**Data section**
++++
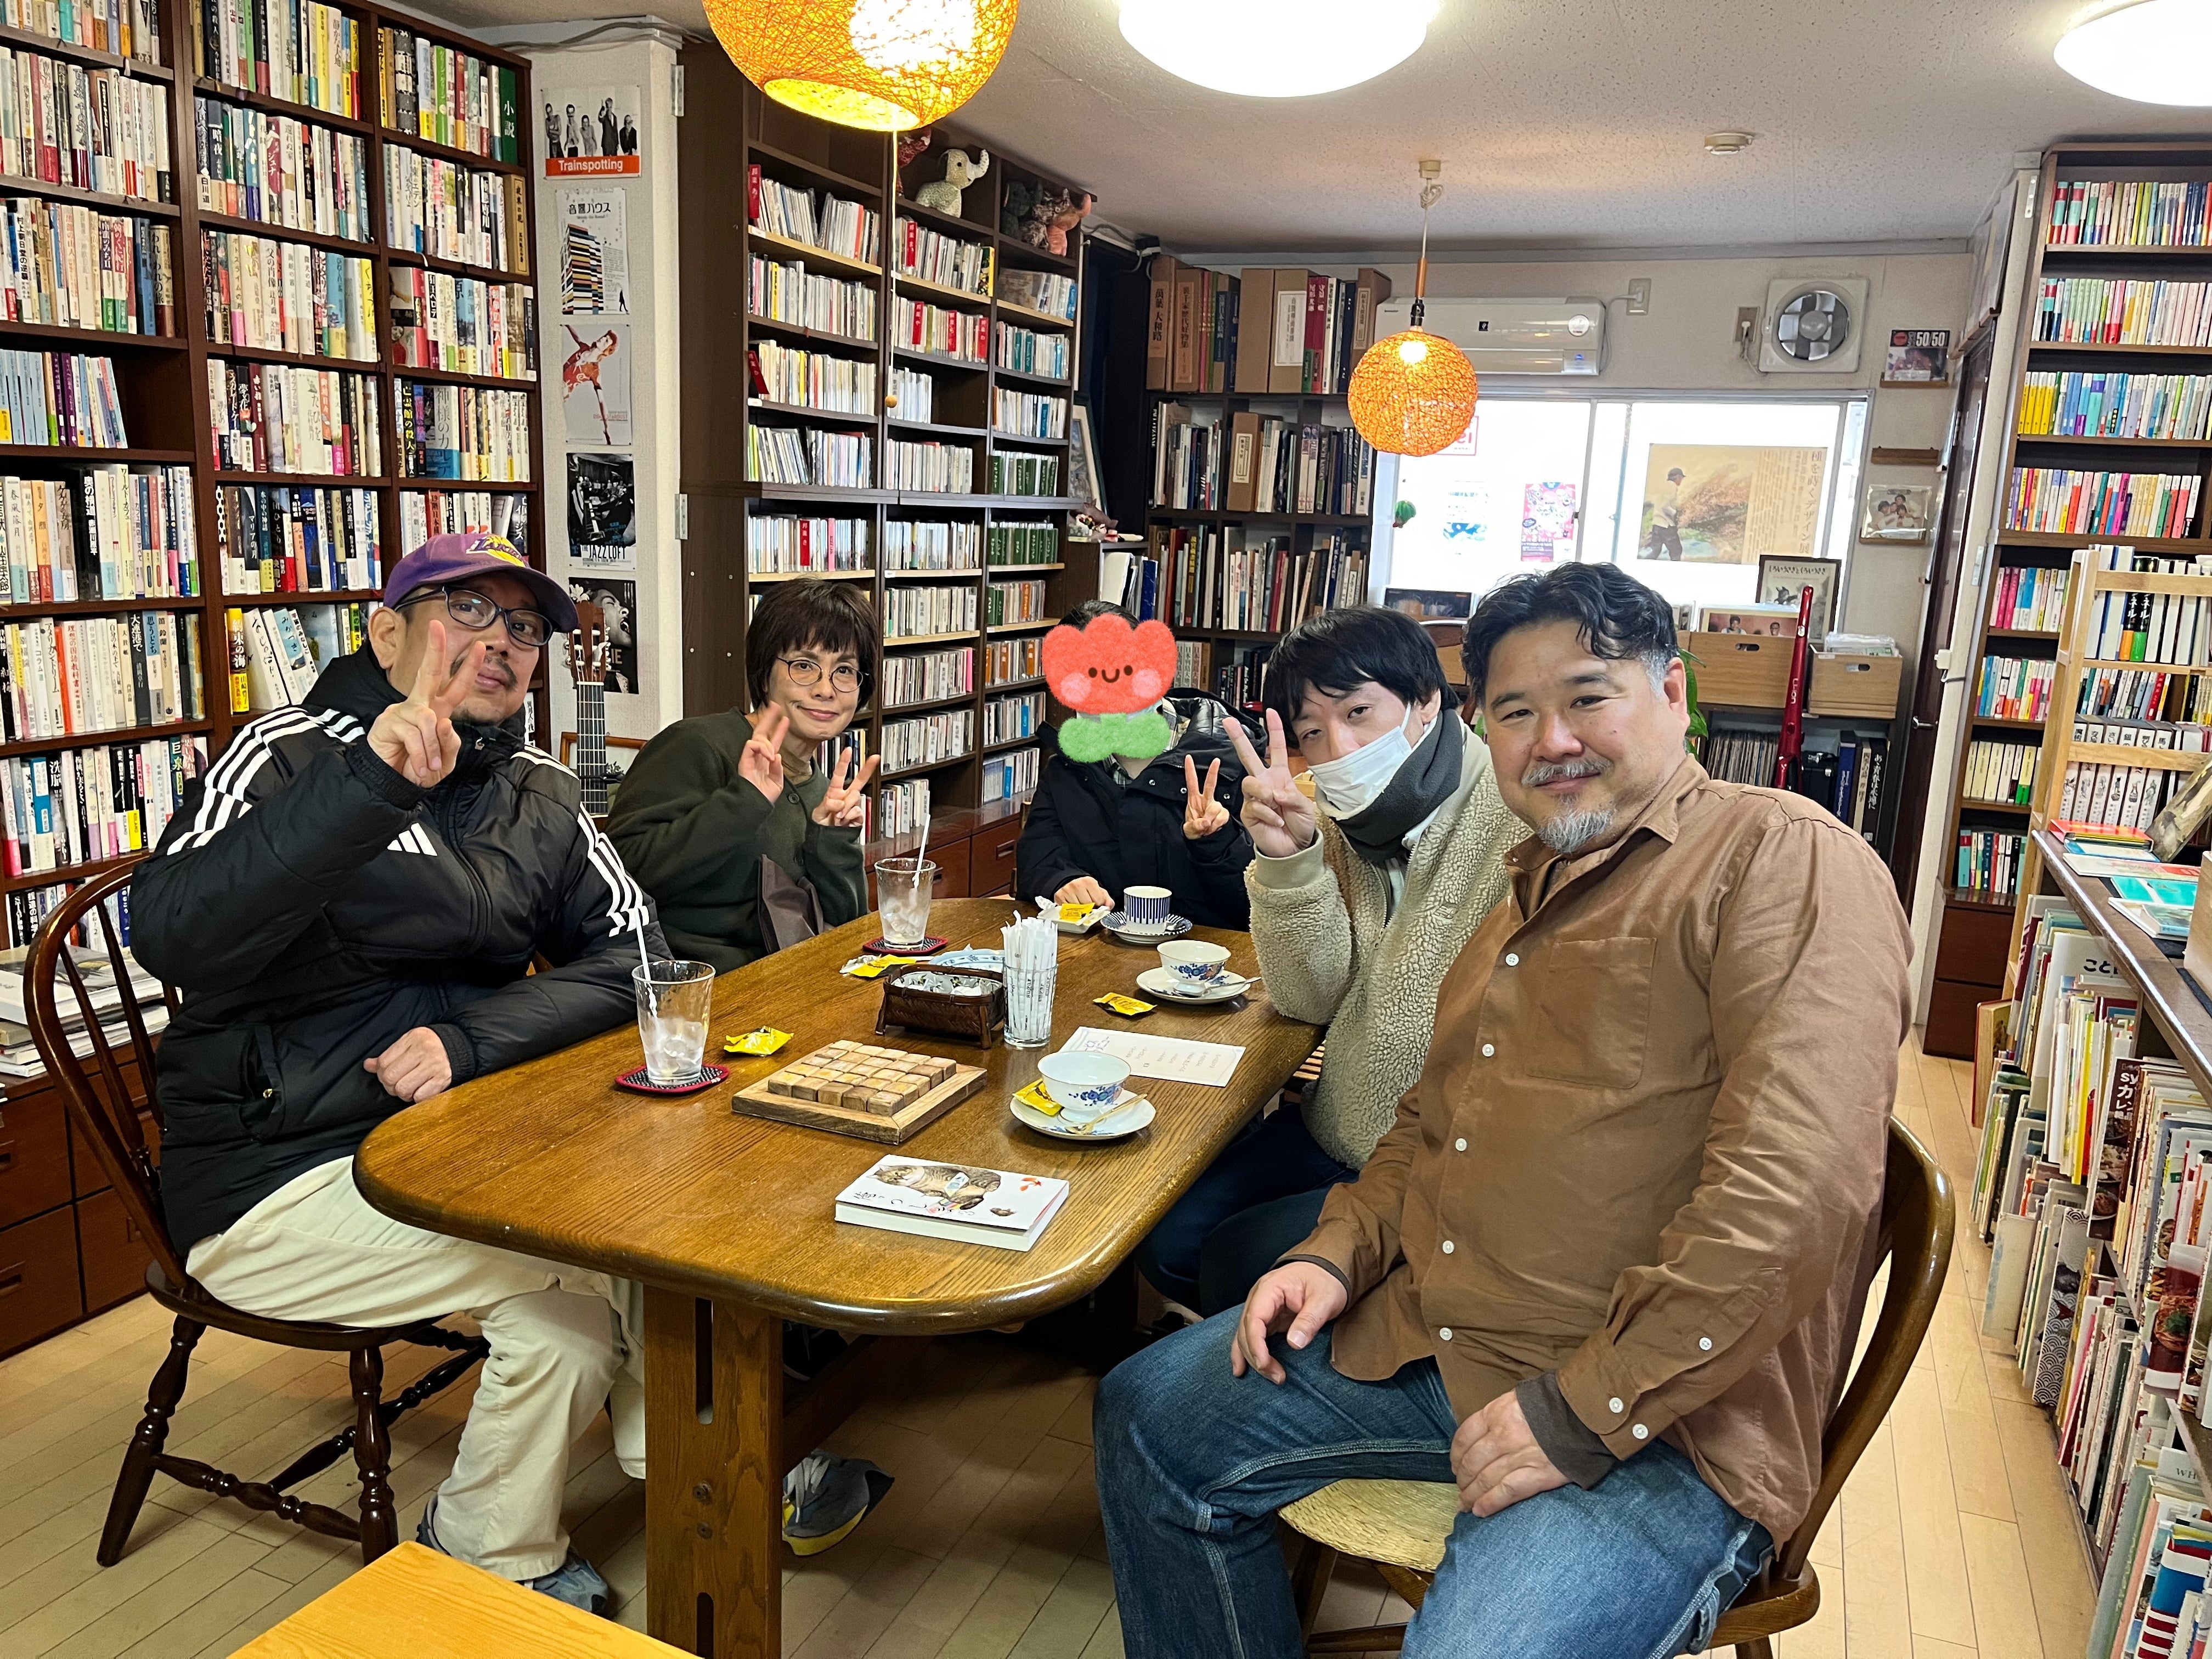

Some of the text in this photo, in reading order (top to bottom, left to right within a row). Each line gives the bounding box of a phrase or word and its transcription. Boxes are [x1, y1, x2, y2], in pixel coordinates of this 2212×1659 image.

[504, 100, 515, 138] 小説
[558, 158, 623, 172] Trainspotting
[248, 515, 257, 559] マリアの月
[172, 742, 183, 770] 巨泉
[49, 760, 61, 787] 洗脳
++++
**Exercise description**
Every word of the data should be reproduced exactly; please omit any pictures.

**Solution to this task**
Some of the text in this photo, in reading order (top to bottom, left to right within a row). Each line gives the bounding box of a phrase or word and its transcription. Boxes are [x1, y1, x2, y2], in pixel coordinates of this 2212×1659 image.

[504, 100, 515, 138] 小説
[558, 158, 623, 172] Trainspotting
[248, 515, 257, 559] マリアの月
[172, 742, 183, 770] 巨泉
[49, 760, 61, 787] 洗脳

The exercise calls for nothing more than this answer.